In-memory Database Systems: Hype or Reality?

Share

arrow

Typical arguments about in-memory database systems follows:

From : http://nosql.mypopescu.com/post/505511044/in-memory-elastic-databases

This is indeed an interesting argument and one that I’m not going to argue against. But it still feels like elastic caching or in-memory elastic databases will remain just a part of the software equation:

– Even if the price of RAM has continued to decrease, the machines mentioned do not sound like commodity hardware so you’ll have to balance the costs with the value of data.
– It still sounds like vertical scaling (nb not saying that vertical scaling is always bad)
– There will always be data that will fit better on disk (e.g. video)
– The more data will be accumulated the more you’d like to make sure that querying it (nb online or offline) is not expensive

Those are just one of the many examples of taking the points to extremes. Before giving an answer to those we should go over those lines from 2008.
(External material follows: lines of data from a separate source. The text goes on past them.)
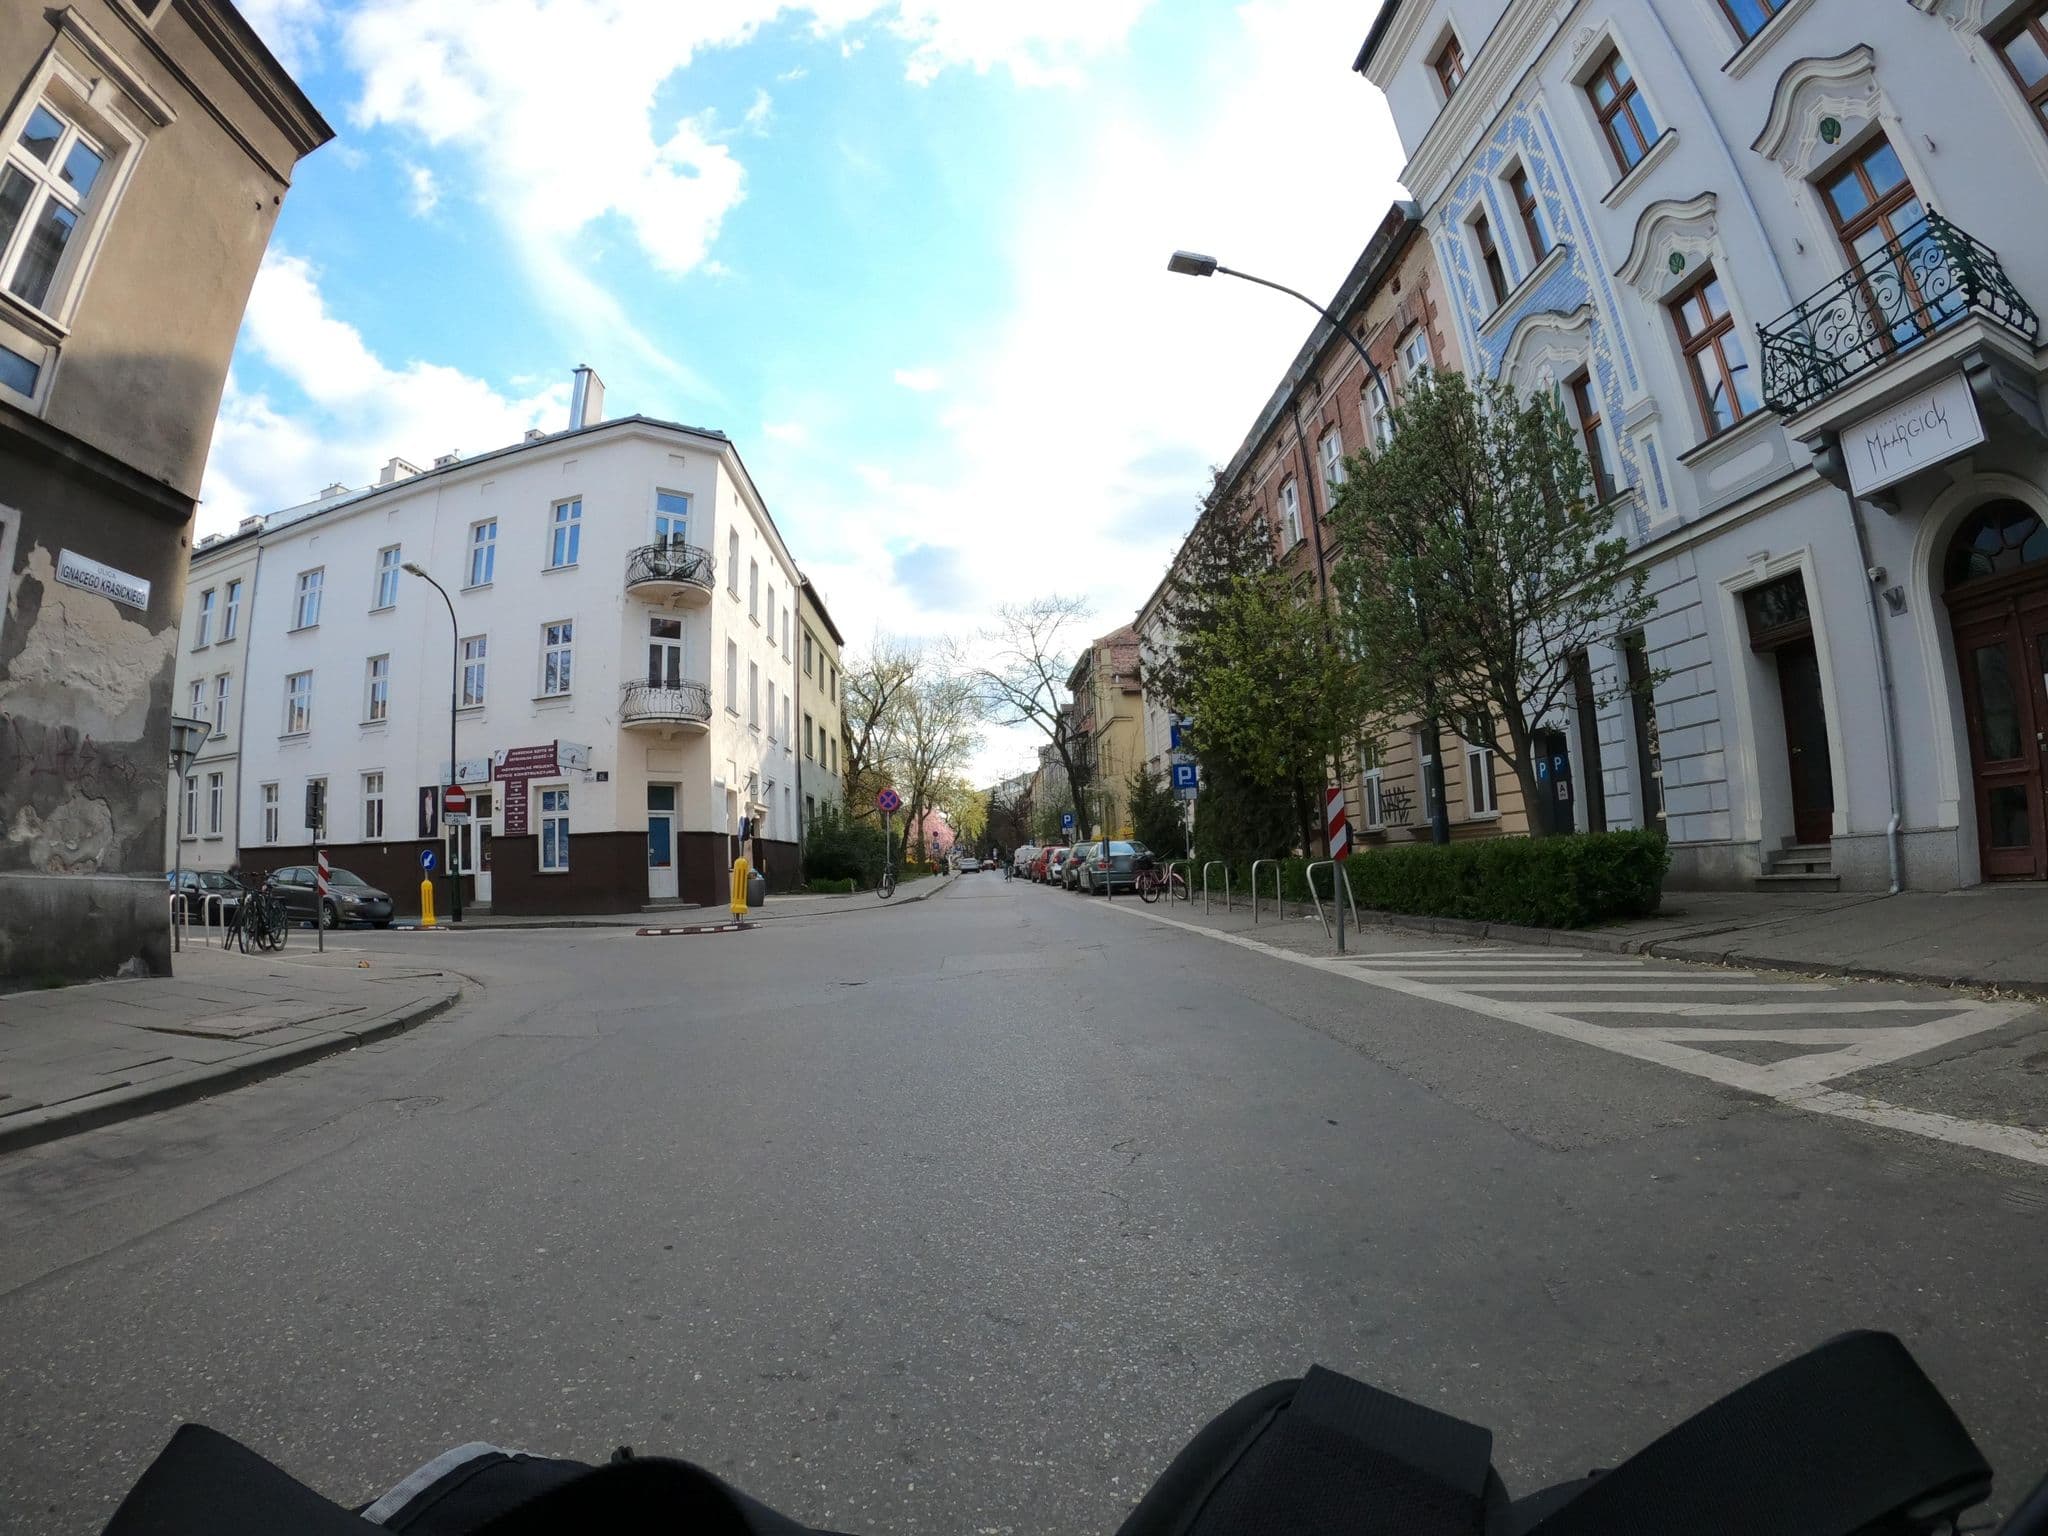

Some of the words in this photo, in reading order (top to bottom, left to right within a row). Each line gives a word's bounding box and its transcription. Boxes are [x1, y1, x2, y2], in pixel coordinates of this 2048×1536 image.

[60, 564, 100, 588] IGNACEGO
[99, 577, 146, 606] KRASICKIEGO
[1539, 762, 1546, 778] P
[1554, 756, 1562, 770] P
[1178, 767, 1191, 785] P
[1064, 815, 1071, 824] P
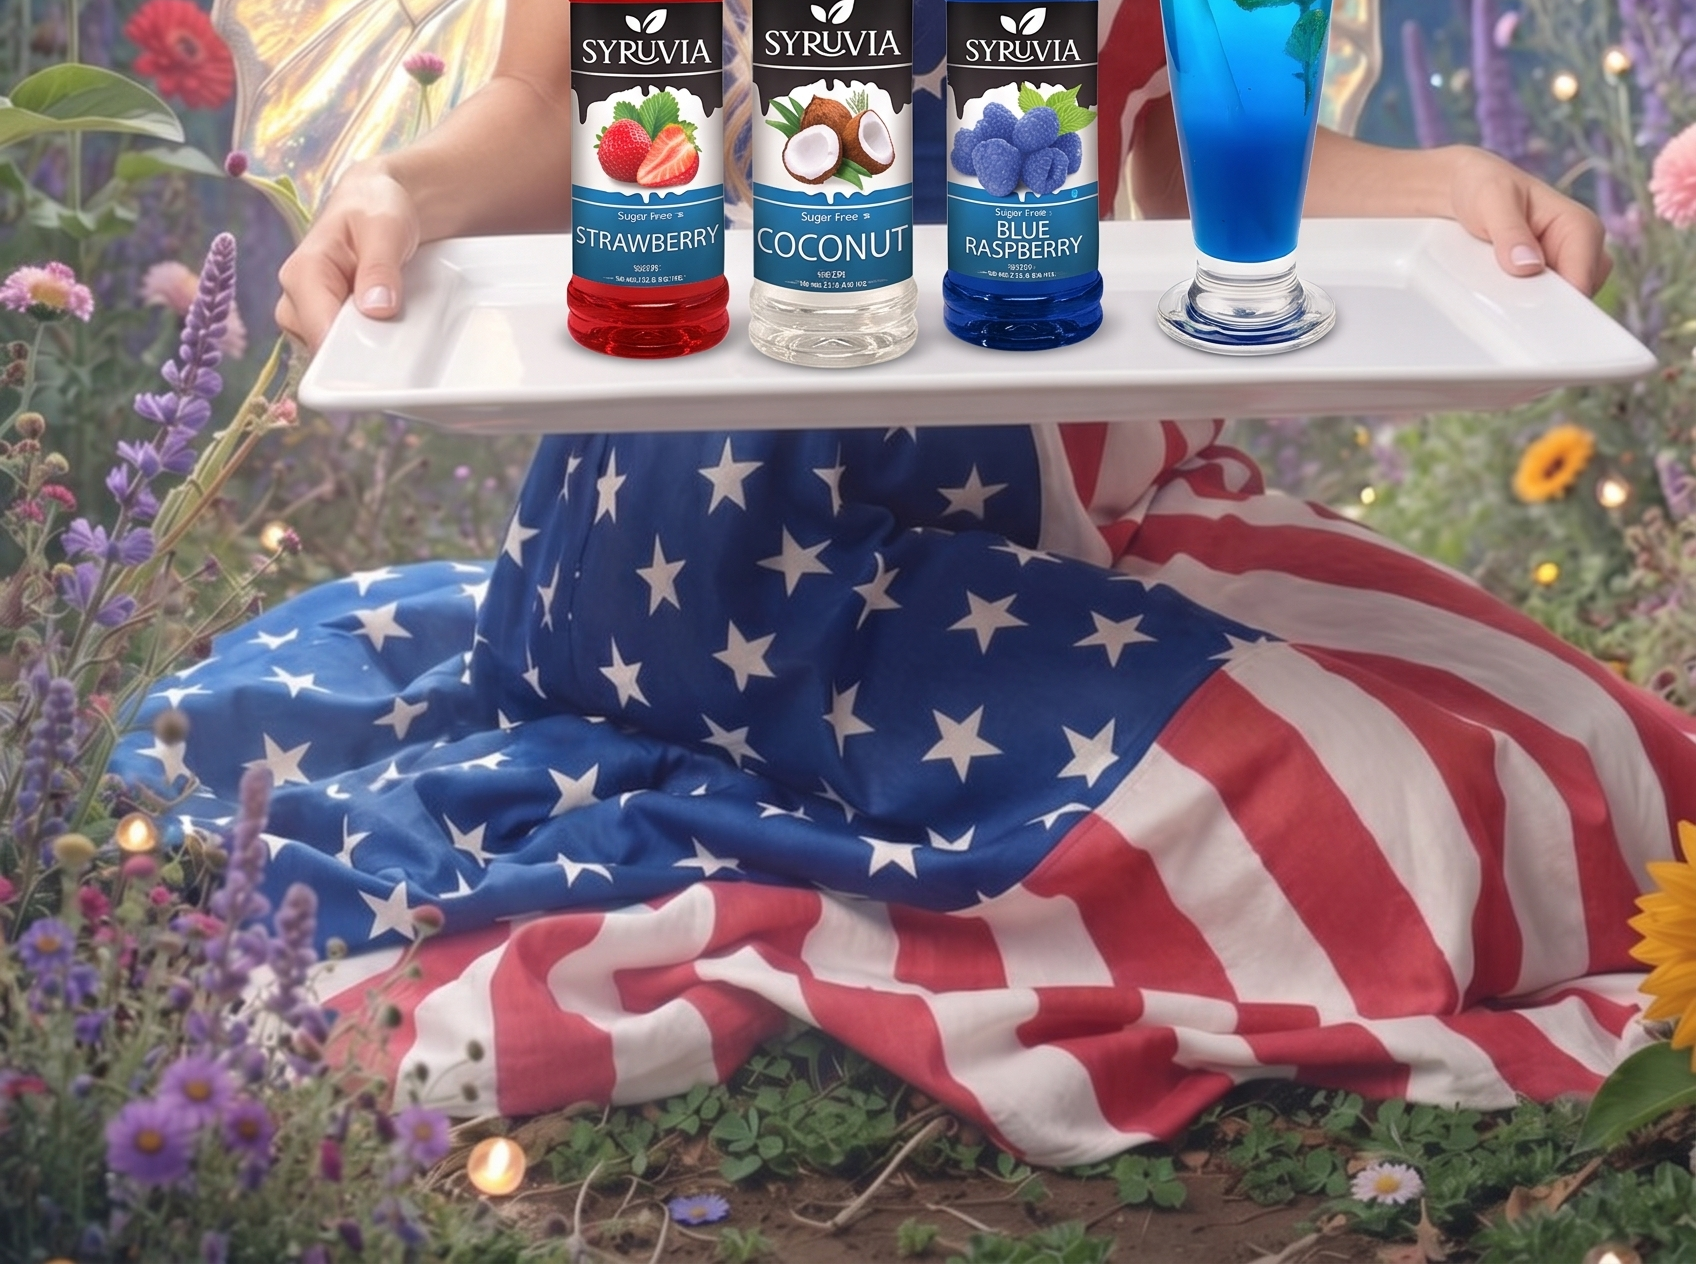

Steven Robbins published an interesting article on InfoQ titled  RAM is the new disk In the comment thread, Steven Robbins quoted Tim Bray and others comparing file system performance to memory:

Memory is the new disk! With disk speeds growing very slowly and memory chip capacities growing exponentially, in-memory software architectures offer the prospect of orders-of-magnitude improvements in the performance of all kinds of data-intensive applications. Small (1U, 2U) rack-mounted servers with a terabyte or more or memory will be available soon, and will change how we think about the balance between memory and disk in server architectures….

It raises the following questions:

What if the disk were RAM-based? Does that mean that all we need to do is replace the current disks with RAM technology to gain speed? The title of the article leads people to think along those lines.

It’s not just the speed of memory compared to disks that makes a difference. It’s not even the extra benefit of the collocation of CPU and memory. What’s really a important is the fact that disk is a sequential storage medium that was designed primarily to store a stream of bytes, not tables of data. That means that if you want to store data objects you need to serialize them into bytes, map sectors in the file system that points to the location of those bytes. Maintaining an index to this data is a relatively expensive operation as every additional index is stored as a copy of the original data, there is no real option to access data by reference, etc. If you think about it, existing RDBMS are basically a mapping layer between data-tables representations and sequential storage. A large part of existing database implementations is spent on addressing the impedance mismatch between the two representations models. All this complexity doesn’t really exist when we’re dealing with memory. That means that if will take existing databases and run them on memory based devices we’re basically going to force the limitations of sequential storage representations into memory.
To exploit the real value of memory based resources we need to have different approach and implementations that assume that data can be accessed by reference – that objects can be accessed directly from our application without complex mapping layer in our native application domain.

At this point I’d like to end with Tim’s last remark:

Disk will become the new tape, and will be used in the same way, as a sequential storage medium (streaming from disk is reasonably fast) rather than as a random-access medium (very slow). Tons of opportunities there to develop new products that can offer 10x-100x performance improvements over the existing ones.

 

CloudRAM

Second important credit should be given to the important paper that changed our point of view:

http://www.stanford.edu/~ouster/cgi-bin/papers/ramcloud.pdf

The Case for RAMClouds:
Scalable High-Performance Storage Entirely in DRAM
Department of Computer Science
Stanford University

Or You can go over:

http://nms.csail.mit.edu/~stavros/pubs/hstore.pdf

The End of an Architectural Era
(It’s Time for a Complete Rewrite)
Michael Stonebraker  -MIT

ppt      ppt2

After all what is the conclusion?

A hype? Are you sure?… Watch out for more…

Share

COMMENTS

  • Keep working ,terrific job!

  • ituned

    You have certainly been very busy writing up this great post, It was very interesting to read. Can’t wait to see what you write about in the next month.

  • Despina Gucwa

    I’m impressed, I have to say. Actually hardly ever do I encounter a blog that’s each educative and entertaining, and let me let you know, you have got hit the nail on the head. Your idea is outstanding; the problem is something that not sufficient people are talking intelligently about. I’m very pleased that I stumbled across this in my search for one thing regarding this.

  • Hi Ugur
    I’m glad that you found my quotes and slides usefull..
    I’m interested to know how do you see then step on that path?

  • Thx Nati, I appreciate your work. I think the next step is the CPU architecture. We will see some radical changes in the BI landscape. More specialized CPU’s and HW platforms. I will soon write about them. If you are interested you might want to check out my last IDC presentation.
    Regards from istanbul

Leave a Comment

This site uses Akismet to reduce spam. Learn how your comment data is processed.